(Saved data entries)
»»
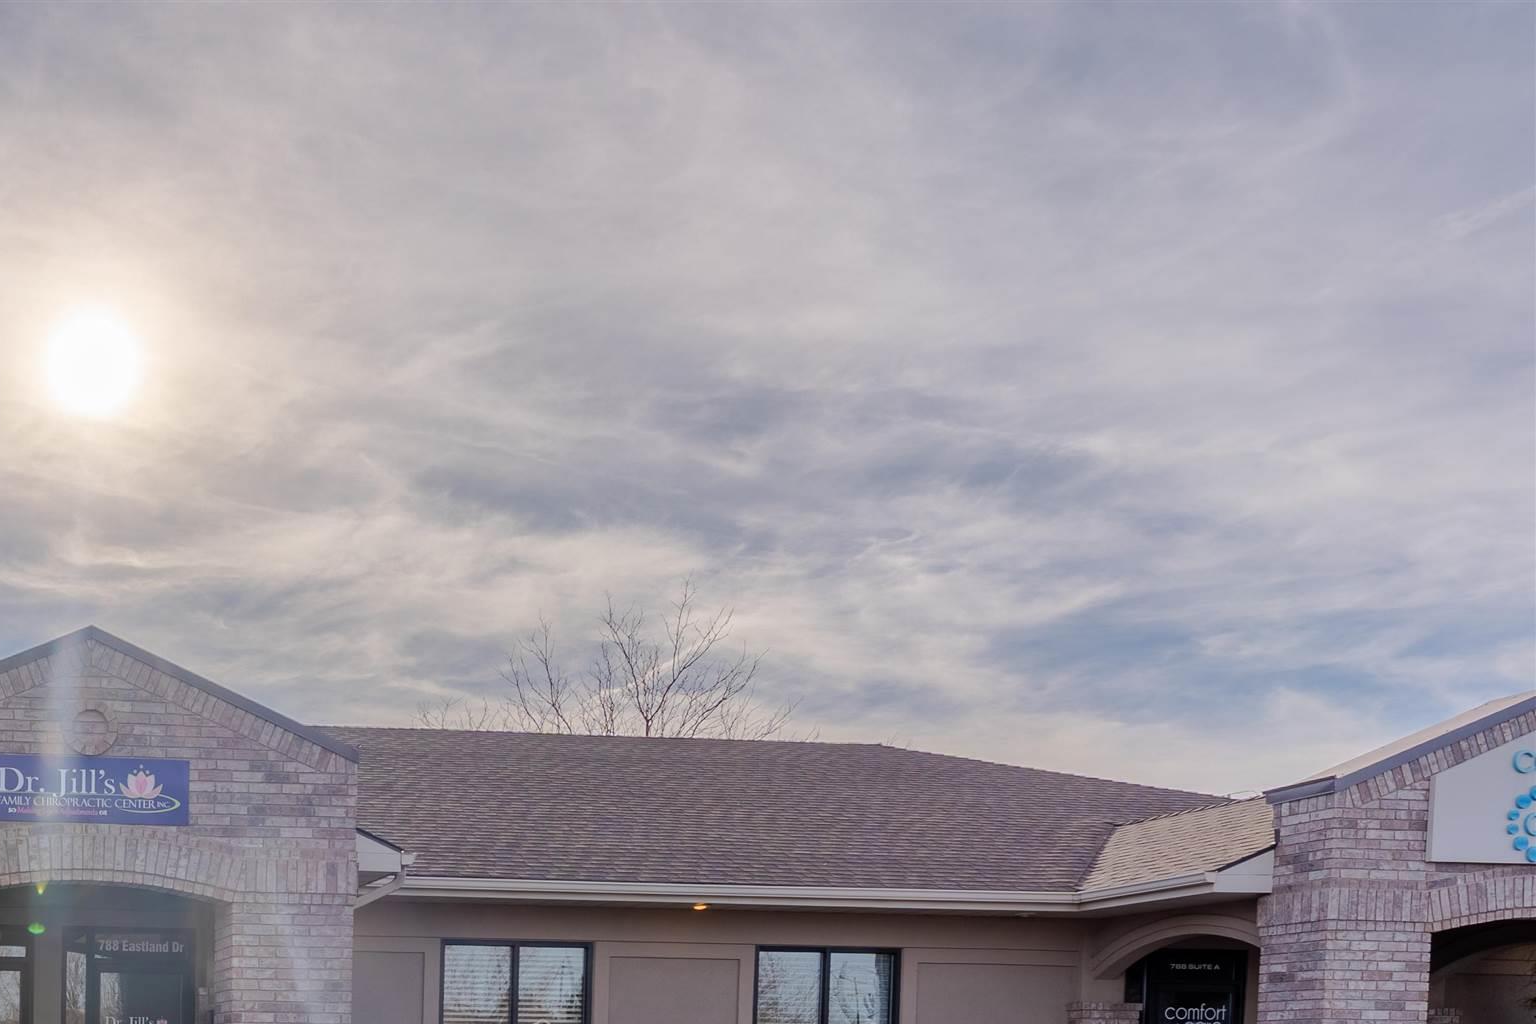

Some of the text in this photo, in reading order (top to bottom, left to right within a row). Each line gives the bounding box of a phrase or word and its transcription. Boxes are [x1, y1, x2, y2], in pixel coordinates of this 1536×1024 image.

[52, 768, 116, 797] Jill's
[33, 796, 113, 809] CHIROPRACTIC
[114, 799, 156, 809] CENTER
[98, 939, 184, 953] 788 Eastland Dr
[1165, 1003, 1227, 1020] comfort
««
Task details - Reproduce every entry above in full and exactly, though not its pictures.

Response to this exercise -
Some of the text in this photo, in reading order (top to bottom, left to right within a row). Each line gives the bounding box of a phrase or word and its transcription. Boxes are [x1, y1, x2, y2], in pixel coordinates of this 1536×1024 image.

[52, 768, 116, 797] Jill's
[33, 796, 113, 809] CHIROPRACTIC
[114, 799, 156, 809] CENTER
[98, 939, 184, 953] 788 Eastland Dr
[1165, 1003, 1227, 1020] comfort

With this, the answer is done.